Oh, glorious Friday! Why can’t every other day be Friday? No work for two more days, and I couldn’t be happier.

I will be so glad when we turn our clocks back this Sunday (not that we’re going to get up at 2 am and do it, you understand). Every morning as I drive into work the sun is at the perfect level to shine right into my eyes, trying it’s damnedest to burn holes in my retinas. Sunglasses don’t help, and the visor doesn’t hang low enough to block the sun. The only solution I’ve come up with is to stare down at the bumper of the person in front of me rather than directly into the sun.

The worst part is when I’m sitting at the red light to turn left to go down the street our office building is on. The sun is to the left of the light.

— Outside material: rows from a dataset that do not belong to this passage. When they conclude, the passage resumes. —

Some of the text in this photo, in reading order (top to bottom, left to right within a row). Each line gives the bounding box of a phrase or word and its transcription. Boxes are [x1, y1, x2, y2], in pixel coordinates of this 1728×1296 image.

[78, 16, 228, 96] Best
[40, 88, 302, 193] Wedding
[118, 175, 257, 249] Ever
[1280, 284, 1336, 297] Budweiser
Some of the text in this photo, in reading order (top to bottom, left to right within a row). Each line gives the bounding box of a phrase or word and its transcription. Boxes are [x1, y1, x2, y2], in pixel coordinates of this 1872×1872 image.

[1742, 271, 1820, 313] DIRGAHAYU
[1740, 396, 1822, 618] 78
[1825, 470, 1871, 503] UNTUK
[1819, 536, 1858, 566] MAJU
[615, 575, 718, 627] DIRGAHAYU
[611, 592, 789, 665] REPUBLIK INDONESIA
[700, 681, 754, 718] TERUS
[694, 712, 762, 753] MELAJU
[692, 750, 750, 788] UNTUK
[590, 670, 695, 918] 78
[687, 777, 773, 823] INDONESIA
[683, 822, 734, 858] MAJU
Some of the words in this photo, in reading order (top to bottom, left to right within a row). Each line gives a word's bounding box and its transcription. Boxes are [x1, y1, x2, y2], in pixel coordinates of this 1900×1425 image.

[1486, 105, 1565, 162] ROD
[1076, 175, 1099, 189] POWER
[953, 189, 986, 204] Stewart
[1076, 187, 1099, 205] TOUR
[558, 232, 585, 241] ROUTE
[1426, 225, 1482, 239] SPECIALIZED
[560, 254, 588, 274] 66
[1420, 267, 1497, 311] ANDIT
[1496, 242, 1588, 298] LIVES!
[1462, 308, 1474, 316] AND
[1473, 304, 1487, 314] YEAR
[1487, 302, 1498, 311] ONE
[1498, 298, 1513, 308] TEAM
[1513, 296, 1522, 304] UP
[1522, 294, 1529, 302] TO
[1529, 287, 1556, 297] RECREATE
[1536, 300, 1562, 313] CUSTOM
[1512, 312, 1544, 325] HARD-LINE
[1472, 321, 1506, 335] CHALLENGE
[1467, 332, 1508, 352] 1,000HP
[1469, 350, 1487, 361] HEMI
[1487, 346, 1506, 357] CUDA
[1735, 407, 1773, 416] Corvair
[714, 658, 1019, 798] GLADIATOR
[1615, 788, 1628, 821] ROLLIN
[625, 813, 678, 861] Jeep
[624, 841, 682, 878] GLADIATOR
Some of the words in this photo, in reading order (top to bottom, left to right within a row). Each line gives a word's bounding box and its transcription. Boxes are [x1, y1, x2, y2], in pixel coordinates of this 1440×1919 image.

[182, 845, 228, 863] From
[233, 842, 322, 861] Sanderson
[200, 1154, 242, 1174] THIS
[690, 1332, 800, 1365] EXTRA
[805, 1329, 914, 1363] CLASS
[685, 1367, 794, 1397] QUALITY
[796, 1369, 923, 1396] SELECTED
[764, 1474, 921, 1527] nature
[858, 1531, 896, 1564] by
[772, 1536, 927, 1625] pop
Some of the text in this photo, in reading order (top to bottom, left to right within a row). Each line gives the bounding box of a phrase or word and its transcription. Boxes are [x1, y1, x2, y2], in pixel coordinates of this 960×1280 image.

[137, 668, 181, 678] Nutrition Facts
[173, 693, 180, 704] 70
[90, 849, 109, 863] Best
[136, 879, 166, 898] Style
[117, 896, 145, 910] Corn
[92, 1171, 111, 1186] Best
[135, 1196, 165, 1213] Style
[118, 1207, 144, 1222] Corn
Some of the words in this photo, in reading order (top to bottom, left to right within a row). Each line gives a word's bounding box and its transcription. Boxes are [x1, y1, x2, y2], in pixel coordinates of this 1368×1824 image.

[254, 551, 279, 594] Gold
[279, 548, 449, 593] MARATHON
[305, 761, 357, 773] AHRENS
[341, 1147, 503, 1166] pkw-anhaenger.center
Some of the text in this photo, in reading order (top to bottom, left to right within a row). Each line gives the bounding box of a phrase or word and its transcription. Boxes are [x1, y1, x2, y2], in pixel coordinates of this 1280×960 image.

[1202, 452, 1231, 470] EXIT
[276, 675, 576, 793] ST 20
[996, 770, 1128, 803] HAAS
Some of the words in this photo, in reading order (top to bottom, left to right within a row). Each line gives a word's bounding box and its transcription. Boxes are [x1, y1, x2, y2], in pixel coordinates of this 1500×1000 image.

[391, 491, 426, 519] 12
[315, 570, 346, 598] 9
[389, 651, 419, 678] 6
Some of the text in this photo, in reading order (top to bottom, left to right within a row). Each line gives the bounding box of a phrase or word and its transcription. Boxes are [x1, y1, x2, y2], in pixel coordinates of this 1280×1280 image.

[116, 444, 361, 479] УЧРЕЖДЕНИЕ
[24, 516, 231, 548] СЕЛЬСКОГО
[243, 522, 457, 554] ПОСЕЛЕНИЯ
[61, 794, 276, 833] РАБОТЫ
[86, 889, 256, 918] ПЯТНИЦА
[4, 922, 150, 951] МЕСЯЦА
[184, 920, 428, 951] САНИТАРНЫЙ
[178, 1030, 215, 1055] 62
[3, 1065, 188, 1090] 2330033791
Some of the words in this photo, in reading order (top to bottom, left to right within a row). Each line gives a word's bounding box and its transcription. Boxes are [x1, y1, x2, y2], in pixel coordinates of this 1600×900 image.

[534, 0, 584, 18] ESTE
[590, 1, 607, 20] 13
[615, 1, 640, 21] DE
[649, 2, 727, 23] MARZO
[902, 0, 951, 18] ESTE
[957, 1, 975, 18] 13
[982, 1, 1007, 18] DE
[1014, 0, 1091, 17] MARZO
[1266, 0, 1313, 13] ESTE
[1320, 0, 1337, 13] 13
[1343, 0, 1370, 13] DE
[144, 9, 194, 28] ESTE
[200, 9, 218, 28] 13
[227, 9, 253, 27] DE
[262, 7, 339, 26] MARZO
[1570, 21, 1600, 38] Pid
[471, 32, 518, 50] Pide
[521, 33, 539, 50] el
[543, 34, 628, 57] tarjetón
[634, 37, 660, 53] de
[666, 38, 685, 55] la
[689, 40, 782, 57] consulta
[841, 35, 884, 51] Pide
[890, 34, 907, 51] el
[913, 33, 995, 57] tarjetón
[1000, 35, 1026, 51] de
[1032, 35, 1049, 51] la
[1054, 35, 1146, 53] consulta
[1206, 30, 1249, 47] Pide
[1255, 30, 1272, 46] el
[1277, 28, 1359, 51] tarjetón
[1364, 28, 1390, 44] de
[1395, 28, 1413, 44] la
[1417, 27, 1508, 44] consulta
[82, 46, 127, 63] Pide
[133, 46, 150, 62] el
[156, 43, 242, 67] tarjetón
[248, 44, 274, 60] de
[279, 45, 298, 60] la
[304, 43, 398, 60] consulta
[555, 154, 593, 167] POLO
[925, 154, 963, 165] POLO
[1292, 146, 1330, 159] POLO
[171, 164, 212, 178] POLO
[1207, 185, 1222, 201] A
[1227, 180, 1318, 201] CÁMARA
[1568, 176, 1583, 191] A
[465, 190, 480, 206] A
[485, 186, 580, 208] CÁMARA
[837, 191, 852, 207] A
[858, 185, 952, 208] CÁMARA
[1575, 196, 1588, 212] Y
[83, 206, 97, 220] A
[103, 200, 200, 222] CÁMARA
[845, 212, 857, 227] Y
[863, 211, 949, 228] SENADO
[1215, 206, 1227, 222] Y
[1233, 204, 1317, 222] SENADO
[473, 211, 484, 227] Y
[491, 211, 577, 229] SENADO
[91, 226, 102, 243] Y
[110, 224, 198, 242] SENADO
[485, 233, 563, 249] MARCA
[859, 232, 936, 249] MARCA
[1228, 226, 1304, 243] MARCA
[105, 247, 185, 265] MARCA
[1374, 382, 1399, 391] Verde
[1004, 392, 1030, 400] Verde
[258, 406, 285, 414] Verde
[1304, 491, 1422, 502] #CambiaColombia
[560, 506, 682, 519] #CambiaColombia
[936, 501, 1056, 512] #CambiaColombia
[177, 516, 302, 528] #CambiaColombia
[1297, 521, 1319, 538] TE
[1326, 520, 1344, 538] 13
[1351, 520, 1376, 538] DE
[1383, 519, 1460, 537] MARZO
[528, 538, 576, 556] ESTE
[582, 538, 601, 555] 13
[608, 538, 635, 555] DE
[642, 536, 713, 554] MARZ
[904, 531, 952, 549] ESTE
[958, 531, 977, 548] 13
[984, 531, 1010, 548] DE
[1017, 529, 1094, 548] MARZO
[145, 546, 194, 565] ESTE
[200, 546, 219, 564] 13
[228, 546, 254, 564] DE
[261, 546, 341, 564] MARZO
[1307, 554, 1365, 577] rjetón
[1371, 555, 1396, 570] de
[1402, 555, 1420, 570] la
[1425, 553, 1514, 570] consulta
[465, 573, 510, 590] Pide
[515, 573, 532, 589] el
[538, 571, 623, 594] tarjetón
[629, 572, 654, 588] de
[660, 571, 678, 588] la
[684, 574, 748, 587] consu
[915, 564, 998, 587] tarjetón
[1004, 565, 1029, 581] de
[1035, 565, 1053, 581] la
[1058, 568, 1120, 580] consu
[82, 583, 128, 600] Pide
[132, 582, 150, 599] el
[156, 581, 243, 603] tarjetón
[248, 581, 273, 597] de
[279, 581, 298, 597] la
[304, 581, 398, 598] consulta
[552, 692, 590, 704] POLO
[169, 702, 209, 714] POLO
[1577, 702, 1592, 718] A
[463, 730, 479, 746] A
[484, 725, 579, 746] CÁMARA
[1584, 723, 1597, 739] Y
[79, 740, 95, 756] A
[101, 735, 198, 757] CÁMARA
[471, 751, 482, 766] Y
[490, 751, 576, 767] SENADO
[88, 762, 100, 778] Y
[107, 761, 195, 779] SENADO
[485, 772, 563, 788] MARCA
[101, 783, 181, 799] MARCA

I have to take quick little peeks every few seconds to check the light color, and by the time the light turns green, I have tiny dark spots in the middle of my vision, which makes me panic that I’m about to go blind.

And going blind would just suck.

From the "Holy Cow" files: Al from Nova Notes linked to me! I was checking out my brand new shiny nedstat page, and saw the referral. I was so excited, I ran up to Fred’s office and danced around as I told him about it. Pretty exciting stuff, that.

The spud is going to be a vampire for Halloween (hey, she’s only 11, she’s got a few years before she’s too old!). Luckily, she chose an easy costume. Black turtleneck, black leggings, cape, slicked-back hair, black lips, fake blood, fake teeth, and she’s all set. I guess Fred is going to accompany her door to door, and I’ll sit at home and run up and down the stairs to dole out the candy. Which I haven’t bought yet, so tomorrow it will be an early-morning trip to (can you guess?) Wal-Mart for the spud and I.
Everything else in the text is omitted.